Discussion of the Evidence

  1. There are some uncontested facts that can be discerned from the evidence.  The parents’ ability to communicate with, and trust of, each other is virtually non-existent.  Their relationship was tumultuous at times and unhappy.  There was conflict between the parents to which the children were often exposed.  The precise impact on the Mother, in terms of her behaviour and parenting capacity, of her acquired brain injury is unknown.  The Father is concerned about it, but no so much that he does not believe the Mother cannot adequately care for the children without supervision.  Indeed, his case is that for most of their relationship he worked full time and she cared full time for the children, although he was a very actively involved father.  And yet the Court has lingering doubts about this issue of the impact on the Mother’s parenting capacity of her injury.  She is surprisingly minimalistic about this issue in her Affidavit. 

  2. Curiously, it is her Mother, that is, the maternal Grandmother, who actually provides more information about this issue than the Mother - itself a revealing fact.   Certainly, what expert evidence was attached to the Grandmother’s Affidavit of 1 October 2015 suggests that the injury the Mother suffered was a very serious one which impaired her brain function in many ways. 

  3. These are matters that need to be further investigated by the Independent Children’s Lawyer.  For example, the Mother may well have been fully capable of parenting the children, notwithstanding her brain injury, within the supportive framework of a relationship with the Father, even if that relationship was turbulent, if not dysfunctional at times.  Once that supportive framework is removed, the focus turns to what has replaced it. 
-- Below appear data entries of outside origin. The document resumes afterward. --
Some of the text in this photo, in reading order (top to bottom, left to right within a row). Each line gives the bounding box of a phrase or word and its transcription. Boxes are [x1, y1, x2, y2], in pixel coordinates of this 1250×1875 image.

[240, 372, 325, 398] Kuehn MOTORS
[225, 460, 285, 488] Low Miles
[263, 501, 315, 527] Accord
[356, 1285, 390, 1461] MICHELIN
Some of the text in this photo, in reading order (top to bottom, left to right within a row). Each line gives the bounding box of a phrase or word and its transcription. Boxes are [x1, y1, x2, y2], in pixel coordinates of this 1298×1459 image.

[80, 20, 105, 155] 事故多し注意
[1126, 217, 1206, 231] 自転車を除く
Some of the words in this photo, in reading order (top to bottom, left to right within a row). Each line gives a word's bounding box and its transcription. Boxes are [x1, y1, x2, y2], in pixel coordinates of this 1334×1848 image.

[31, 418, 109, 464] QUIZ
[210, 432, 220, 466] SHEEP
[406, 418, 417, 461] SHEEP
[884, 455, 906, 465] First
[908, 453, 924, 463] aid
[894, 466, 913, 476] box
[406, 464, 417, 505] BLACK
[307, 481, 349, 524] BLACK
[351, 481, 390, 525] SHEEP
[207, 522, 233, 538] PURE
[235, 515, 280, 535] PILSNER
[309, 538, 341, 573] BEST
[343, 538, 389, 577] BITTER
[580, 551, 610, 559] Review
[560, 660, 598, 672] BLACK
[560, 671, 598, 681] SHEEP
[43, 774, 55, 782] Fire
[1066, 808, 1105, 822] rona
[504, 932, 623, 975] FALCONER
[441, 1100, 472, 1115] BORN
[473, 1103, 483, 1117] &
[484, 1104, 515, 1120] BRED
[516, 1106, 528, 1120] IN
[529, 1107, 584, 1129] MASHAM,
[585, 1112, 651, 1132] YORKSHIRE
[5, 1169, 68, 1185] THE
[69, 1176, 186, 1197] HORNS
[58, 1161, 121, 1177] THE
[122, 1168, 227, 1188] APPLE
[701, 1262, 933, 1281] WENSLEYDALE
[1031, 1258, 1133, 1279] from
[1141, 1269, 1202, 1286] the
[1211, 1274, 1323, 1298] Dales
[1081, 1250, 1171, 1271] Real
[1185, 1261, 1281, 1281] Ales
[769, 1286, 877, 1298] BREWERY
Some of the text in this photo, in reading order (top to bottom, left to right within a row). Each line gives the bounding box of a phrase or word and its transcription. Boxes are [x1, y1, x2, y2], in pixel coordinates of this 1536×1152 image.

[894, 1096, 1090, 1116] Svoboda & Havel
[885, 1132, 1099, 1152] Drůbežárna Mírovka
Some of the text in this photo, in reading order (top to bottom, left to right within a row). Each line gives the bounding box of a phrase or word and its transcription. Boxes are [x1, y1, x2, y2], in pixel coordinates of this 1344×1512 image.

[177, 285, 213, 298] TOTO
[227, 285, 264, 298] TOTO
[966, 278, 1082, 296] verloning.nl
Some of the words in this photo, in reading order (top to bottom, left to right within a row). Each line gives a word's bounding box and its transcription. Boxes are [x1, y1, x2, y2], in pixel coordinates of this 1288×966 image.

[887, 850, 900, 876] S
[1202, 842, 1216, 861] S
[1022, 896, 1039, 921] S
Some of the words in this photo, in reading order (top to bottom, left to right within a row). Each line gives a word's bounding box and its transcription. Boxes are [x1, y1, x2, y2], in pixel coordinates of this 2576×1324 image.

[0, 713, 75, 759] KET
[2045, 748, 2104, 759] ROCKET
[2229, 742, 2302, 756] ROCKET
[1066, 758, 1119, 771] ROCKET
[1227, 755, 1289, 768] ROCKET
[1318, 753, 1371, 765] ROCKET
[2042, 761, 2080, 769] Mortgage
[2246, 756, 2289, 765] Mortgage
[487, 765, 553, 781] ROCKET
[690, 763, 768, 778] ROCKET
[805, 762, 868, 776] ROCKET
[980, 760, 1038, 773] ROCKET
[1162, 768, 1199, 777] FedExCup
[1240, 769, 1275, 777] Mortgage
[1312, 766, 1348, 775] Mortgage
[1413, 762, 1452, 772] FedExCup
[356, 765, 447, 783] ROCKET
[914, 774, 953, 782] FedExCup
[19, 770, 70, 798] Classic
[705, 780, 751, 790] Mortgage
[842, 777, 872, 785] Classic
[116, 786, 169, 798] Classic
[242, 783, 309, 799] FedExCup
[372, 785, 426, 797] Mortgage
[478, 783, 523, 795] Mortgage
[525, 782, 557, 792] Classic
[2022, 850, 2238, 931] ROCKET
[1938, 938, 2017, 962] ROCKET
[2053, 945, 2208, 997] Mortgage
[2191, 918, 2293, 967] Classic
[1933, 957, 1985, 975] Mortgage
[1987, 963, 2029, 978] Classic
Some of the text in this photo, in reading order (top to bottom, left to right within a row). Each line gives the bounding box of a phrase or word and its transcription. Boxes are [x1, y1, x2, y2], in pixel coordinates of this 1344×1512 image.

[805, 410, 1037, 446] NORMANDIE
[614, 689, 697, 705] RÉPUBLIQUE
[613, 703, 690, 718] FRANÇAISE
  4. Another issue to be considered in this case, in the fullness of time, is the impact of the Mother’s injury on her ability to properly recollect events.  It is interesting to observe some of the Mother’s own insights about her behaviour in her Affidavits.  She accepts, for example, that from time to time she can say inappropriate things.  She accepts that she can become stressed and anxious. 

  5. Dr D, in his Report 8 March 2002, reports how one of the most serious consequences of her injury has been the change in the Mother’s personality, her loss of sensitivity and control over impulsive aggression and her tactless communications.  He refers to her loss of other frontal functions such as judgment and foresight.  The need for appropriate expert evidence is clear.  It is not surprising that both parents would concede the turbulence of their relationship at times.  The Mother, and those advising her, need to consider and confront some practical issues in this case.  At some stage, she will be the main witness in her case, and will have to face cross-examination.  There is a sense in which some of the concerns that the Father expresses about the Mother’s behaviour during the relationship resonate with the limited medical evidence already before the Court.

  6. Whatever the evidence about this issue may well be in the fullness of time, the manner in which the Father’s solicitor presented his case at the interim hearing reflects the pragmatic reality that the Mother’s acquired brain injury is certainly no basis for reversing the existing, and longstanding, arrangements of her being the primary carer for these children.  If his case was based on some other contention, for example, that she was not supporting his ongoing relationship with the children, then the Father needs to recognise the alternative hypothesis is yet to be tested, and that is that his own actions contributed to the current dilemma.  The totality of the Father’s evidence, even if accepted in its entirety, would not justify making the interim orders that he seeks.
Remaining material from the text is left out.